Linear Program to find line that best fits a set of points

Question

Given a set of points $(x1,y1),(x2,y2),...,(xn,yn)$ the following is supposed to be a linear program that finds a line$ $ax+by=c that minimizes $max|ax_i+by_i-c|$.

Let $z=max|ax_i+by_i-c|$
This implies $z\ge|ax_i+by_i-c|$
or $-z\le ax_i+by_i-c\le z$

The LP is:
Maximize : -z
subject to:
1) $-z-ax_i-by_i+c \le 0$
2) $-z+ax_i+by_i-c \le 0$
3) $z,a,b,c \ge 0$

I don't understand why this is correct since:

1) the coefficient of z in the objective function is negative which would mean the max value is achieved at $z=0$
2) $a,b,c \ge 0$. Rewriting the line as $y=-\frac{a}{b}x+c$ we see that this means that we are restricting ourselves to lines of -ve slope. So, this can't be right either.

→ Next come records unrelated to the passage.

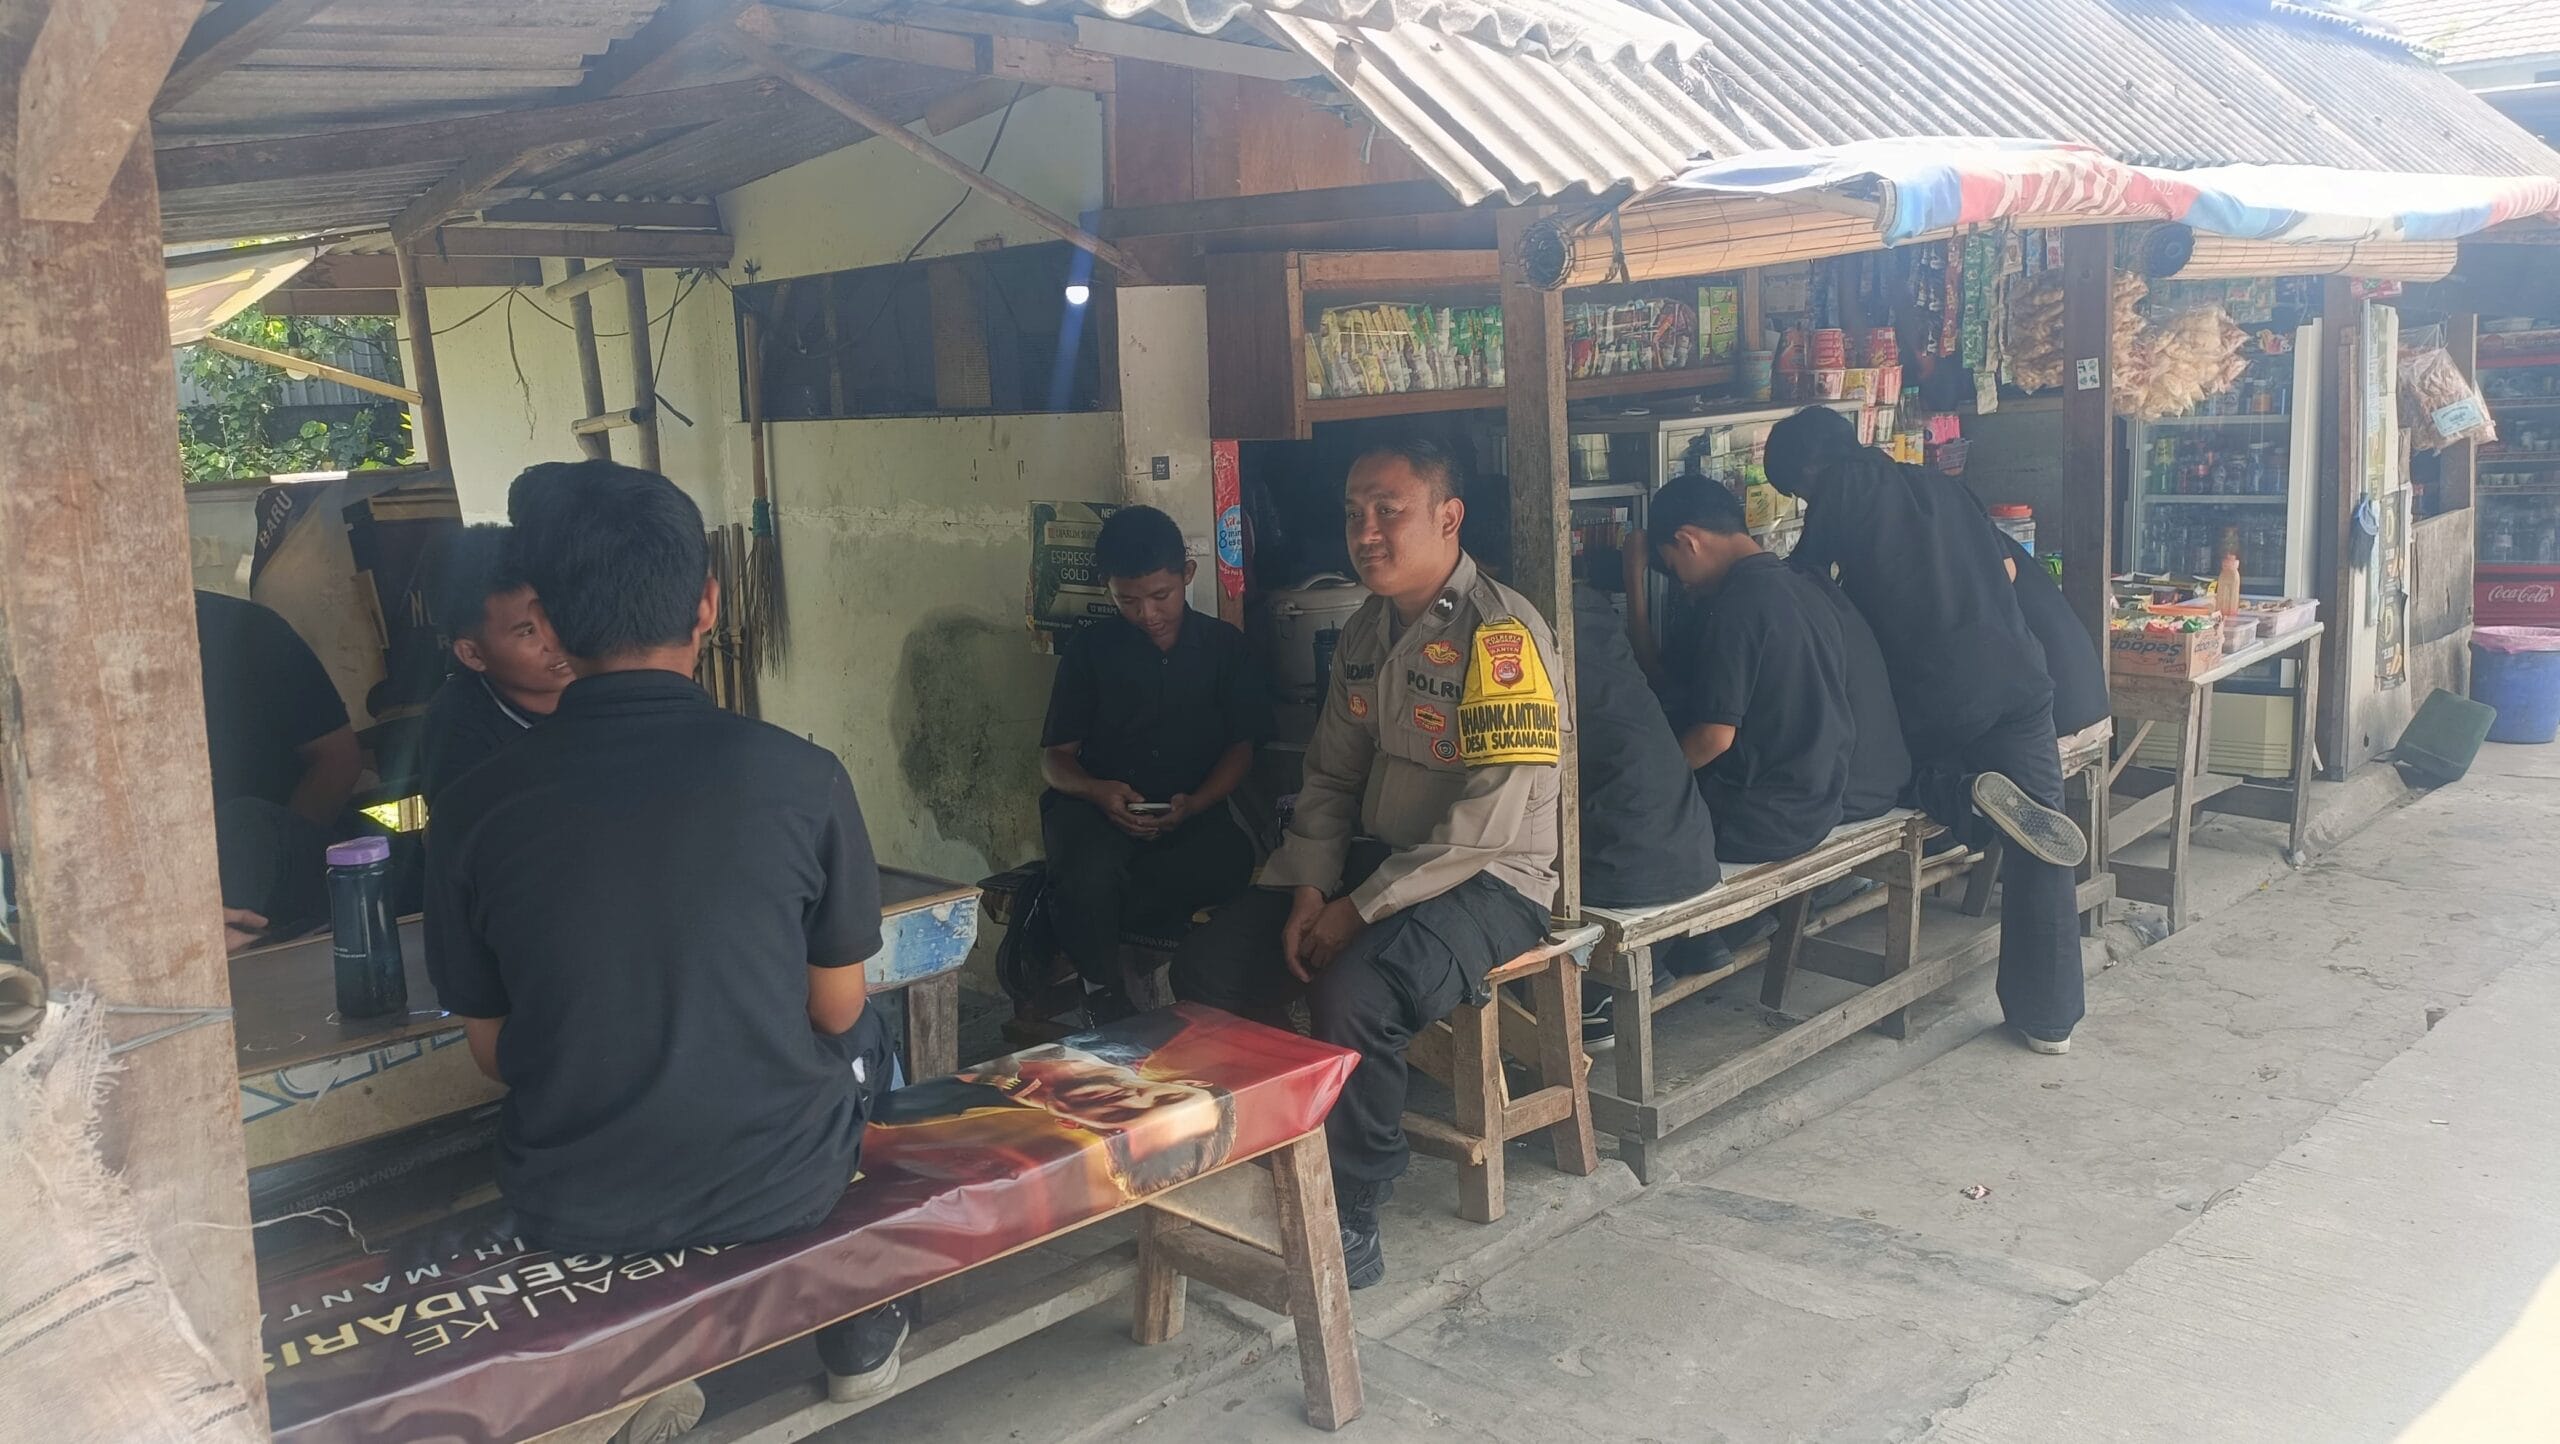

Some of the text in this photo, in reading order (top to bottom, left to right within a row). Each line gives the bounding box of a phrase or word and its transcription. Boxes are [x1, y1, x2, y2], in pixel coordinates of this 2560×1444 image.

[258, 490, 294, 549] BARU
[1051, 550, 1098, 567] ESPRESSO
[1060, 568, 1090, 582] GOLD
[1407, 670, 1462, 699] POLRI
[1465, 731, 1558, 754] DESA SUKANAGARA
[258, 1261, 443, 1323] MANT
[411, 1241, 746, 1358] MBALI KE
[262, 1250, 640, 1379] GENDARIS
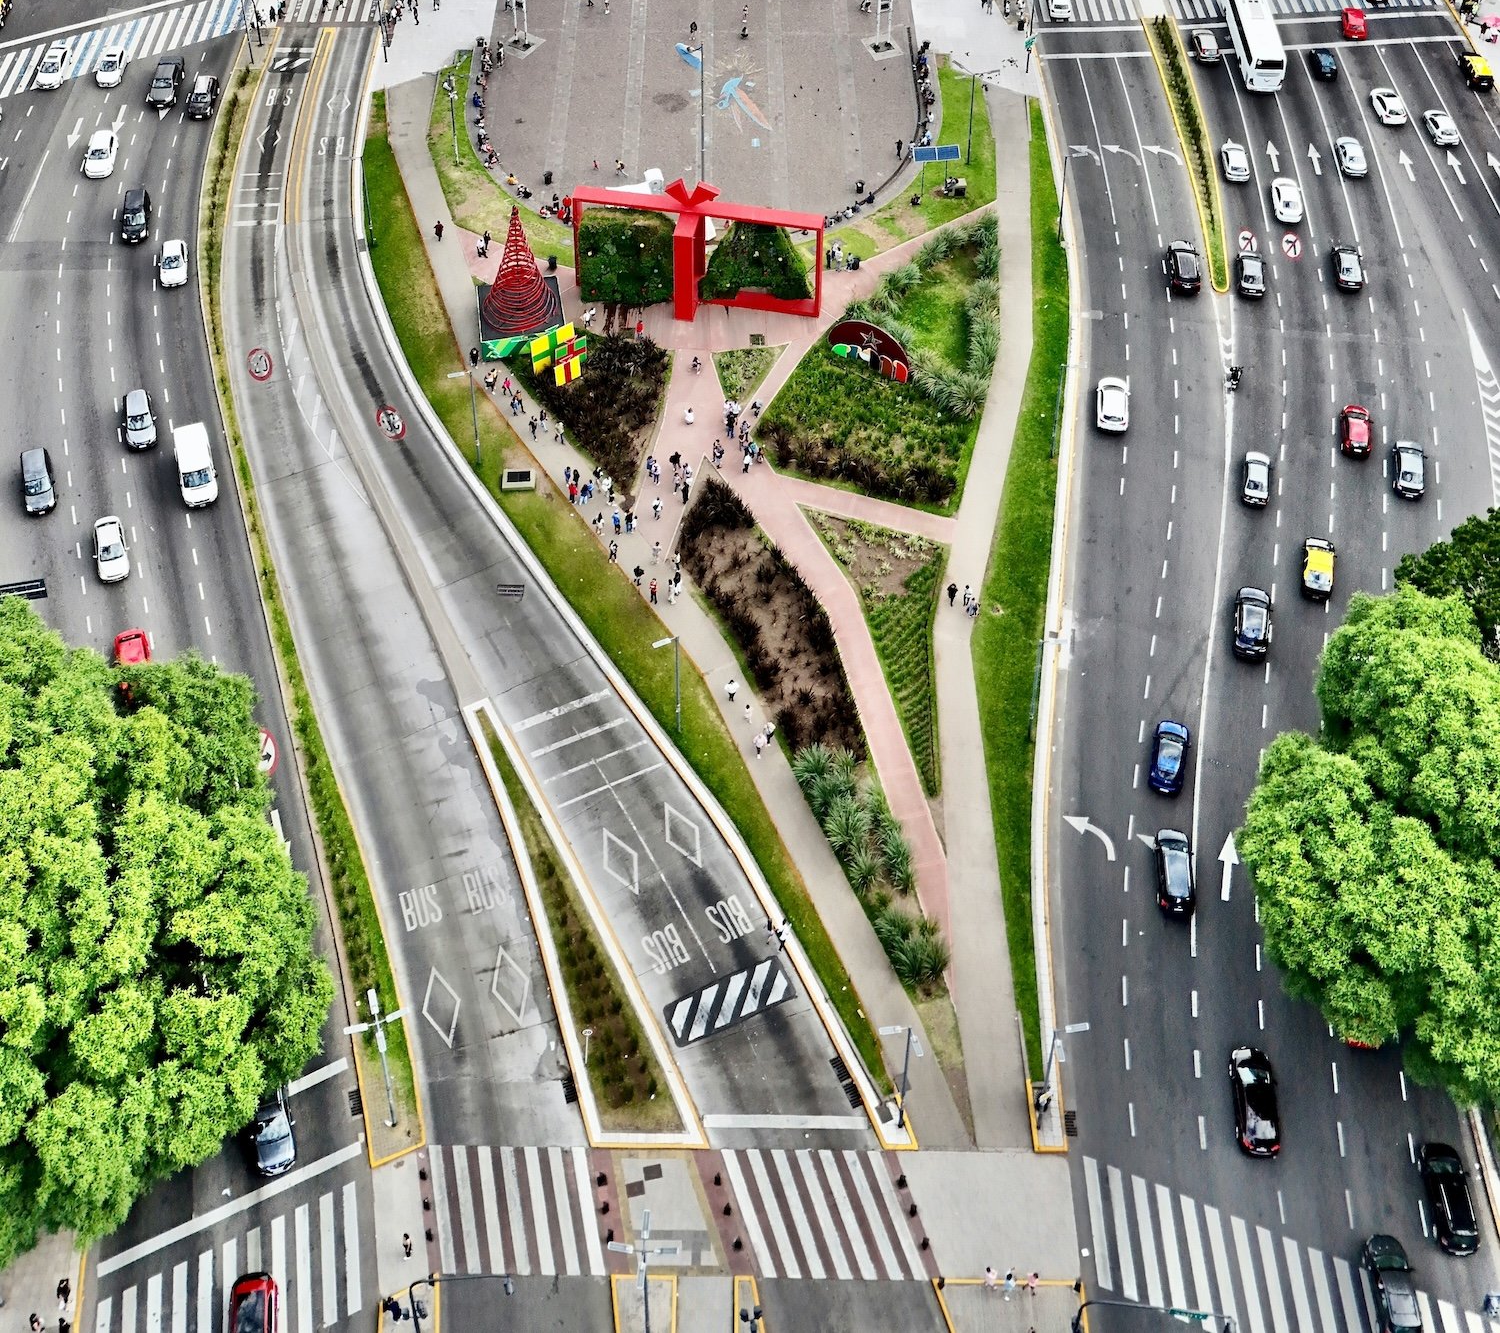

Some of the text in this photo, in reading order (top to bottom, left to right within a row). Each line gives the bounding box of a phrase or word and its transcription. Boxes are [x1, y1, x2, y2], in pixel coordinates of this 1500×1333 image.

[265, 87, 294, 107] BS
[318, 136, 345, 156] BS
[398, 884, 443, 933] BUS
[462, 864, 510, 916] BUS
[705, 894, 756, 945] BUS
[640, 922, 691, 976] BUS
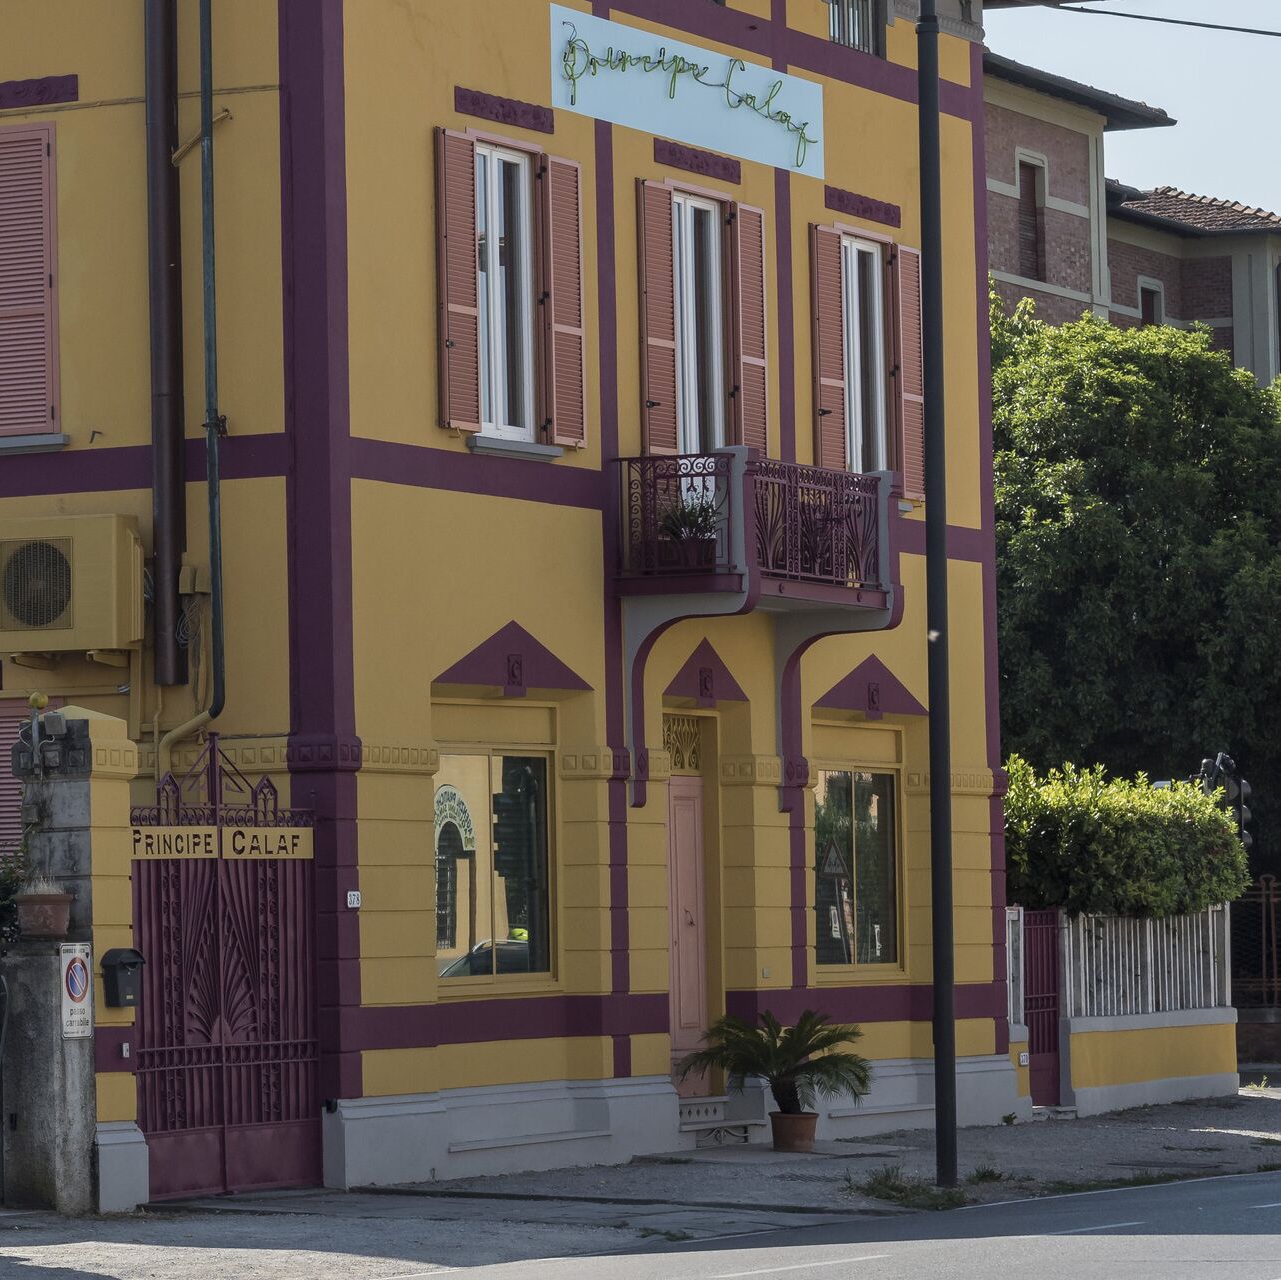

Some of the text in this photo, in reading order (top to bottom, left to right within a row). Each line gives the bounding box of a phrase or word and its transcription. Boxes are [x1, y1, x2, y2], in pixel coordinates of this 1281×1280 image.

I'm looking on clarification on what I'm missing?

Answer 1

1) $z=0$ is a perfect match, so indeed that is optimal.

2) the part $z,a,b,c=0$ is obviously wrong. You should not constrain these variables (although you could add $z\geq 0$ without changing the formulation), and constraint $b=1$ as a normalization.

Answer 2

Consider the problem of $$\max -z$$

where $$-z+1 \le 0$$ $$-z-1 \le 0$$ $$z \ge 0$$

Having the coefficient of $z$ being negative in your constraint doesn't mean that $z=0$. In fact $z=0$ is not feasible for the first costraint. My constraints sets is actually equivalent to $z \ge 1$.

Also, there is no sign constraint on $a,b,c$.